Step 6 - Other fun things
There you have it! You just designed a very simple zero knowledge proof. There are a lot of other things we can do.
- Depending on how you setup C, its not an identity matrix - but you could easily convert it into an identity matrix Z. C’AB. Or, just rename C’A as A. And now, you have AB=Z.
- We can make A a single polynomial. We did A0 using the values x0..x5. But, we could make A1 simply x6..x11 rather than its own polynomial.
- We can down sample. That would be a really, really big polynomial. Even our tiny circuit would have something like 36 interpolations. Perhaps too big or computationally expensive. Perhaps lets use every other data point.

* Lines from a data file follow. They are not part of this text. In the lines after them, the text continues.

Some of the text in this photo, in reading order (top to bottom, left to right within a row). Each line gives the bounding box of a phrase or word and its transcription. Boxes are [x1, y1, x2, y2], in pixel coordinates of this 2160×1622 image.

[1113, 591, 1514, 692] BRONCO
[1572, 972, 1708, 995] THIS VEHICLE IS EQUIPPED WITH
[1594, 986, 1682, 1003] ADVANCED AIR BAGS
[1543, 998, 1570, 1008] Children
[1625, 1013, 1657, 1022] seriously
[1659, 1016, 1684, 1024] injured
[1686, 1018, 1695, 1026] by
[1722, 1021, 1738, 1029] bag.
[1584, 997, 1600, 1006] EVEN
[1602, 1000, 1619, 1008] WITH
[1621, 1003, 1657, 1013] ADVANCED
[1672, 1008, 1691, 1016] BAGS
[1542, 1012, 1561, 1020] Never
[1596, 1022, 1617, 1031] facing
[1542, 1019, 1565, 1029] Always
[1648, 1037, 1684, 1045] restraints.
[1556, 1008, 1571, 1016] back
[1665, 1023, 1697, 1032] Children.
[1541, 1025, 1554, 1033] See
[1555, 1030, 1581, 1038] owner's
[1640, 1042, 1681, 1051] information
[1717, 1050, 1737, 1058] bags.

- We can use modular math. For circuits, the numbers are normally pretty small, but sometimes they can get large. Its common to use a large prime number as your modulo or sometimes something like 255 (to keep in a single byte). So, every number would be %p; where p is some number. This can help reduce size, and therefore decrease the cost of the zk proof. It can also help make it harder to “crack” the zk proof.
- We can use elliptic curve math. Rather than y being real numbers, they could correspond to primes.
Step 7 - The future
ZK proofs are a rapidly advancing technology. There are a couple of different setups to make these work. Some require some trust, some dont. Some require magic numbers, some dont. This was a setup using a r1cs, but there is extra stuff which needs built on top to run these zk proofs on a blockchain.

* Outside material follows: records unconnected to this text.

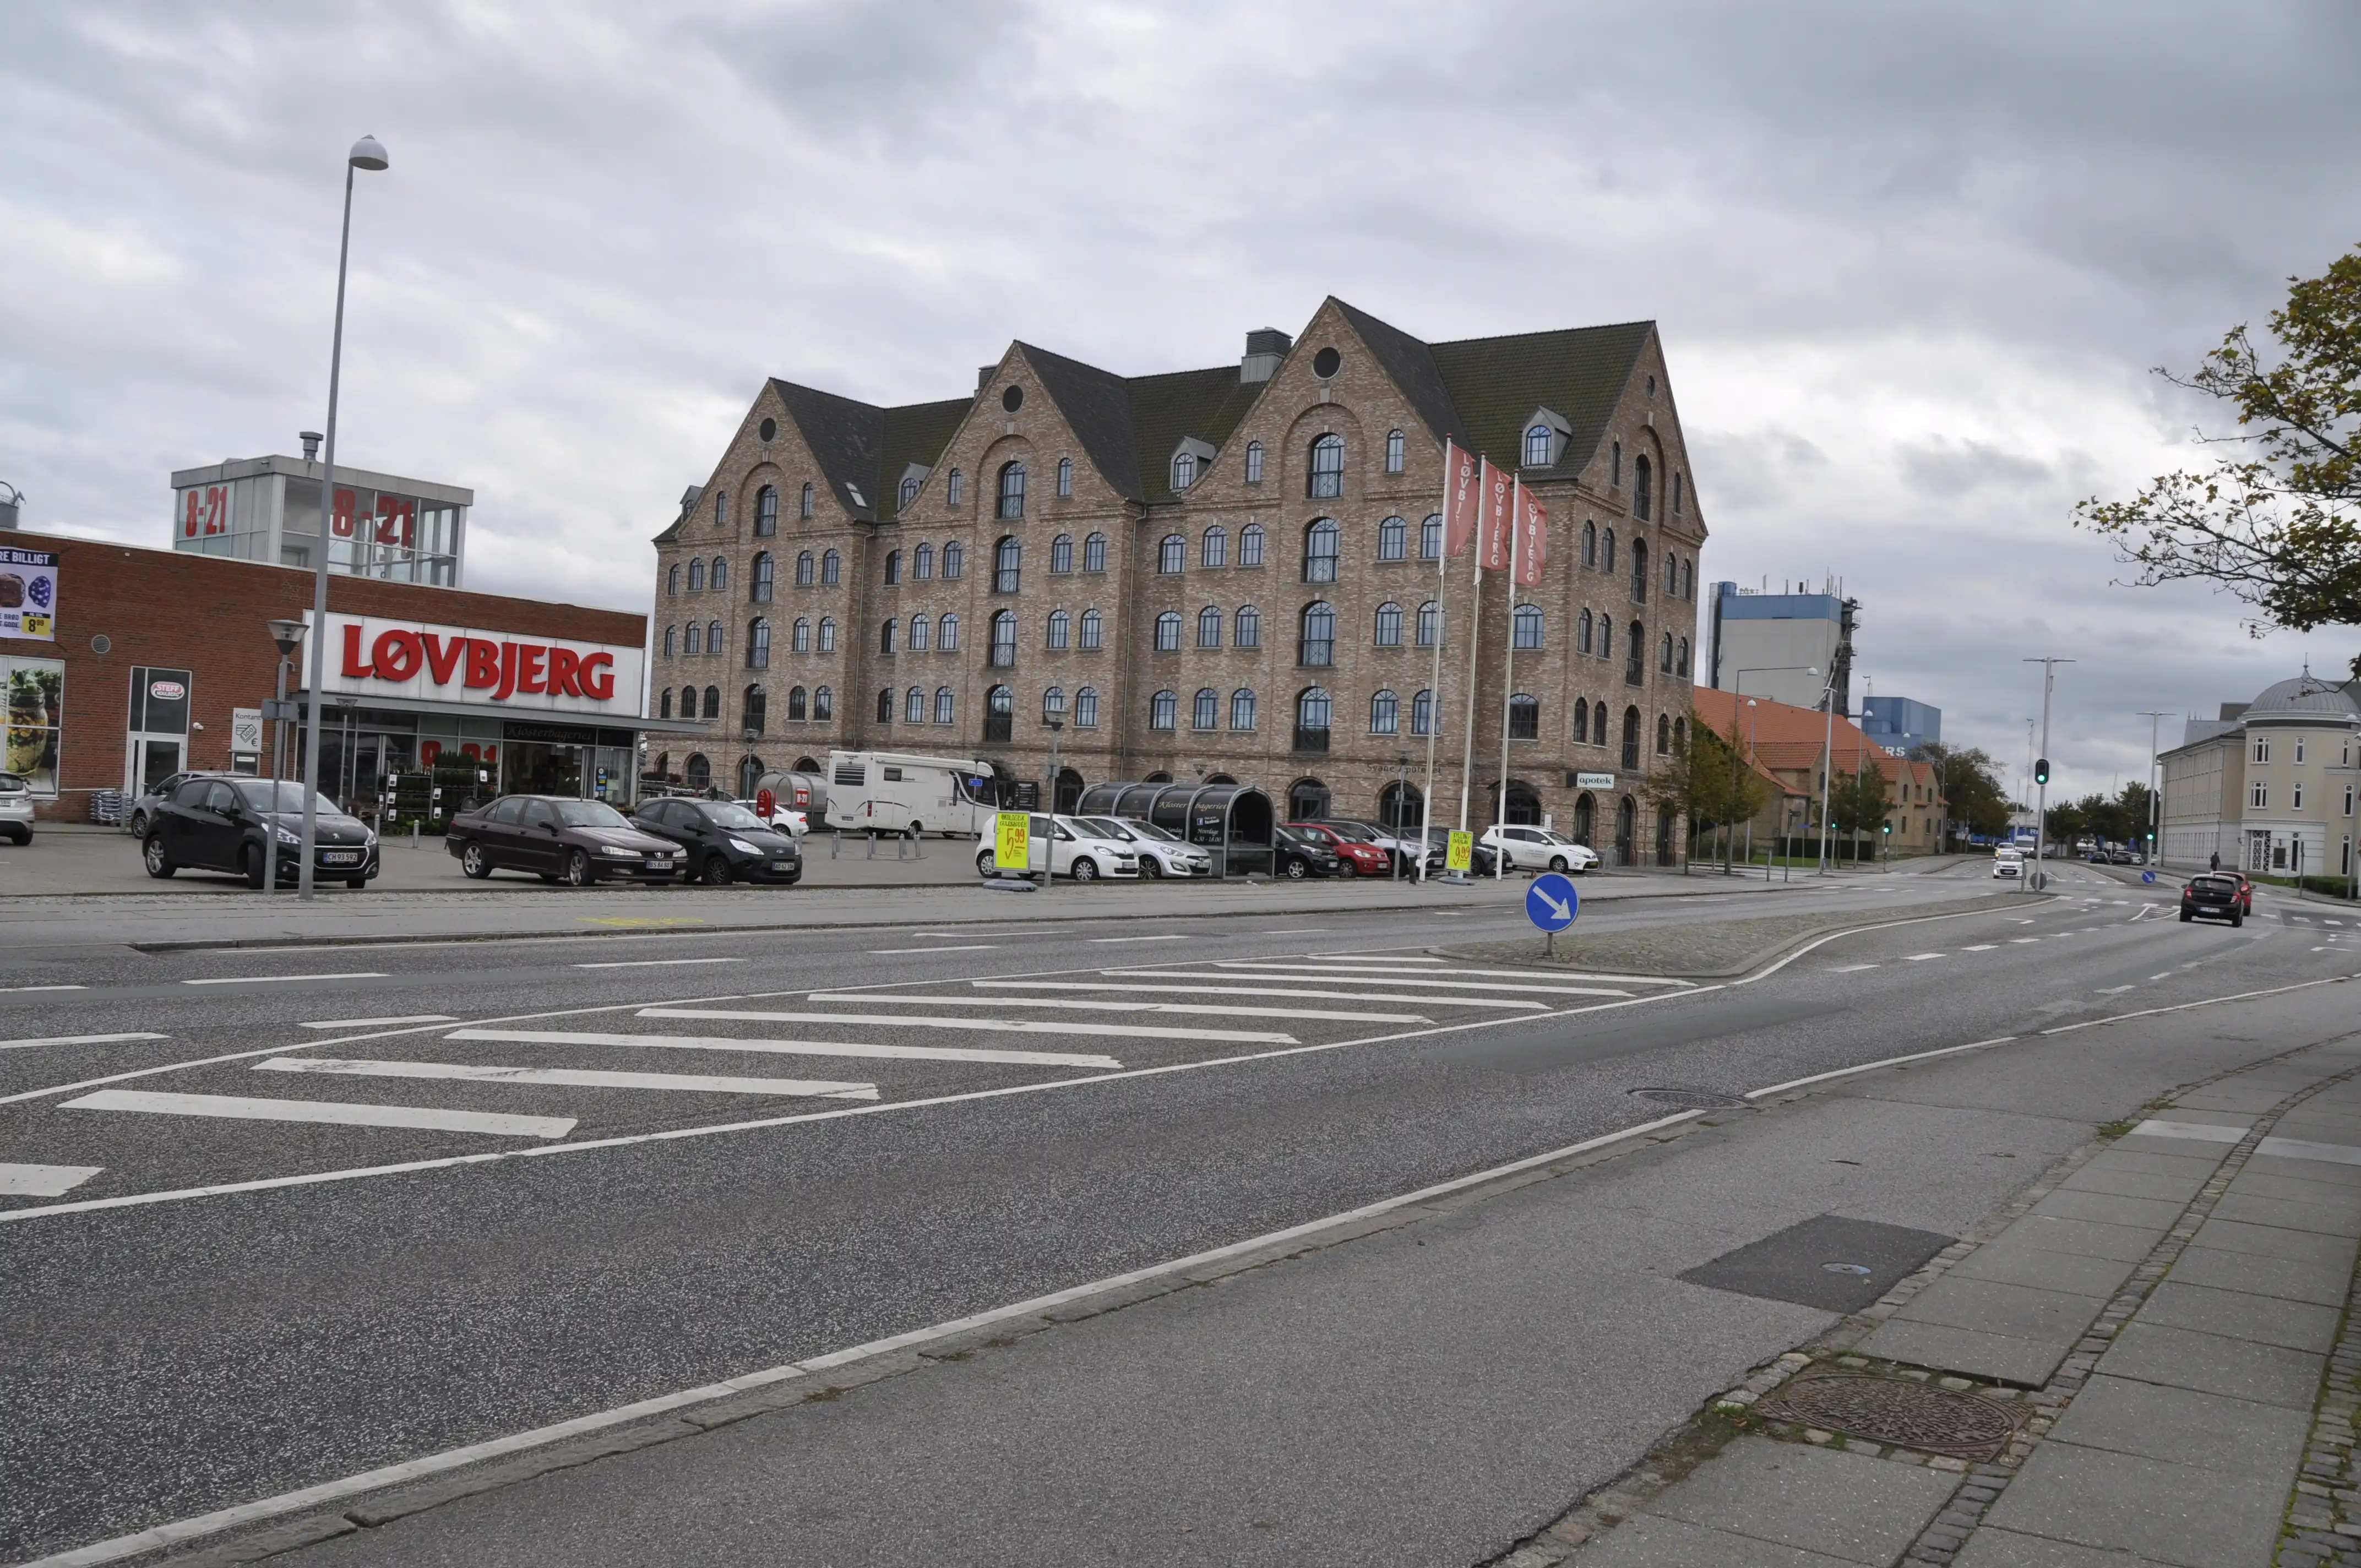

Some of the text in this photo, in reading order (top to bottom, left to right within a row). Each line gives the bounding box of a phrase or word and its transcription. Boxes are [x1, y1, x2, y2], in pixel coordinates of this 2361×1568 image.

[185, 486, 227, 537] 8-21
[1455, 453, 1471, 525] LØVBJ
[332, 488, 413, 547] 8-21
[1490, 471, 1505, 566] LØVBJERG
[1526, 499, 1538, 581] ØVBJERG
[12, 552, 50, 565] BILLIGT
[156, 684, 179, 692] STEFF
[341, 624, 615, 700] LØVBJERG
[1158, 801, 1227, 812] Kloster bageriet
[1579, 777, 1612, 785] apotek

One style of zk proofs which is getting a lot of attention are plonks. My example zk proof was using what is referred to as a rank 1 constraint system. Relatively easy to reason about, pretty straight forward math, and not too computationally expensive. But, its alternative plonk trades off being relatively easy to reason about for a lot of computational benefits.
It sets up a system QlA + QrB + QoC + QmAB + Qc = 0
. Where Q are constants. A is left, B is right, C is constant. Its functionally similar to our circuit above, but it needs to introduce some fancy constraints (Like A1==B1). There is some math magic to make it happen, maybe a later post.
Other
One thing to note is that we normally don’t actually just evaluate polynomials. We normally use a Kate commitment. Rather than evaluate P(x) = c
, we can instead prove that (P(x) - a)/(x-z) is not a fraction.
Let’s take a relatively simple example. I want to prove that given P = x**2, that P(2) = 4.
(P(x)-4)/(x-2)
(x**2-4)/(x-2)
=
x+2
So, we get Q = x + 2. I know that (x-2)*(x+2) = x**2-4, which is what we are trying to prove. Neat. Now, normally you will use generator points from some prior trusted setup so that I cannot pick any random points to prove. But, still, neat. We are essentially encrypting the evaluation of the polynomial.